### Your instructions
What you return must match the records exactly, line for line.

(Data items)
>>>>

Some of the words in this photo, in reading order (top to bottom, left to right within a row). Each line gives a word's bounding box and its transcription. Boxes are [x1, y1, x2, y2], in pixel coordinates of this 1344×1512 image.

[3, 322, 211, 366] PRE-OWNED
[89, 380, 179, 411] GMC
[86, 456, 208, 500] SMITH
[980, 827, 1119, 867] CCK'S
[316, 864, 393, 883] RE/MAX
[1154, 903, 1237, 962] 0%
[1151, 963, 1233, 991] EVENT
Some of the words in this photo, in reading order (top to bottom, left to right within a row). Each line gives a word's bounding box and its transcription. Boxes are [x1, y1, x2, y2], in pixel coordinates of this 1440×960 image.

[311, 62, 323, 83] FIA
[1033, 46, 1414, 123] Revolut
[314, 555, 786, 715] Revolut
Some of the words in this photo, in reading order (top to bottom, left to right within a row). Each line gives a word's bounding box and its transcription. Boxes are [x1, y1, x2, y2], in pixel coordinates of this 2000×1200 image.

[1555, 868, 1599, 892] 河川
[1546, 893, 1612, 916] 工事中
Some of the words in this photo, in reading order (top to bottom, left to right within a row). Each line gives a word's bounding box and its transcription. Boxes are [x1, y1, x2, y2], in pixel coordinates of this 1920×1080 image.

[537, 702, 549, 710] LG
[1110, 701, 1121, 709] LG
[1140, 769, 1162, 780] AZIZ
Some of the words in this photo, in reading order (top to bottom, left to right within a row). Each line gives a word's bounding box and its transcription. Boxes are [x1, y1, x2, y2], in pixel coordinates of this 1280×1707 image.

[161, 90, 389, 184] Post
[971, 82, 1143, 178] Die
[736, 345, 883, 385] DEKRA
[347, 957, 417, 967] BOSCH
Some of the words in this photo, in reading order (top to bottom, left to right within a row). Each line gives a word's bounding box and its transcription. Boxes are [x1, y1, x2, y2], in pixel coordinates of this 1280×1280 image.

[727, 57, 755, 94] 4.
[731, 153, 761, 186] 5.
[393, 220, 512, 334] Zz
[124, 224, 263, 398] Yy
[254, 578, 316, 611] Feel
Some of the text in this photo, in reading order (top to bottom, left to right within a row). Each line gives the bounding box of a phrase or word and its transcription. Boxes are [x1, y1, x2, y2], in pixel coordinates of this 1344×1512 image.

<<<<

### Answer to this exercise
Some of the words in this photo, in reading order (top to bottom, left to right within a row). Each line gives a word's bounding box and its transcription. Boxes are [x1, y1, x2, y2], in pixel coordinates of this 1344×1512 image.

[3, 322, 211, 366] PRE-OWNED
[89, 380, 179, 411] GMC
[86, 456, 208, 500] SMITH
[980, 827, 1119, 867] CCK'S
[316, 864, 393, 883] RE/MAX
[1154, 903, 1237, 962] 0%
[1151, 963, 1233, 991] EVENT
Some of the words in this photo, in reading order (top to bottom, left to right within a row). Each line gives a word's bounding box and its transcription. Boxes are [x1, y1, x2, y2], in pixel coordinates of this 1440×960 image.

[311, 62, 323, 83] FIA
[1033, 46, 1414, 123] Revolut
[314, 555, 786, 715] Revolut
Some of the words in this photo, in reading order (top to bottom, left to right within a row). Each line gives a word's bounding box and its transcription. Boxes are [x1, y1, x2, y2], in pixel coordinates of this 2000×1200 image.

[1555, 868, 1599, 892] 河川
[1546, 893, 1612, 916] 工事中
Some of the words in this photo, in reading order (top to bottom, left to right within a row). Each line gives a word's bounding box and its transcription. Boxes are [x1, y1, x2, y2], in pixel coordinates of this 1920×1080 image.

[537, 702, 549, 710] LG
[1110, 701, 1121, 709] LG
[1140, 769, 1162, 780] AZIZ
Some of the words in this photo, in reading order (top to bottom, left to right within a row). Each line gives a word's bounding box and its transcription. Boxes are [x1, y1, x2, y2], in pixel coordinates of this 1280×1707 image.

[161, 90, 389, 184] Post
[971, 82, 1143, 178] Die
[736, 345, 883, 385] DEKRA
[347, 957, 417, 967] BOSCH
Some of the words in this photo, in reading order (top to bottom, left to right within a row). Each line gives a word's bounding box and its transcription. Boxes are [x1, y1, x2, y2], in pixel coordinates of this 1280×1280 image.

[727, 57, 755, 94] 4.
[731, 153, 761, 186] 5.
[393, 220, 512, 334] Zz
[124, 224, 263, 398] Yy
[254, 578, 316, 611] Feel
Some of the text in this photo, in reading order (top to bottom, left to right within a row). Each line gives the bounding box of a phrase or word and its transcription. Boxes are [x1, y1, x2, y2], in pixel coordinates of this 1344×1512 image.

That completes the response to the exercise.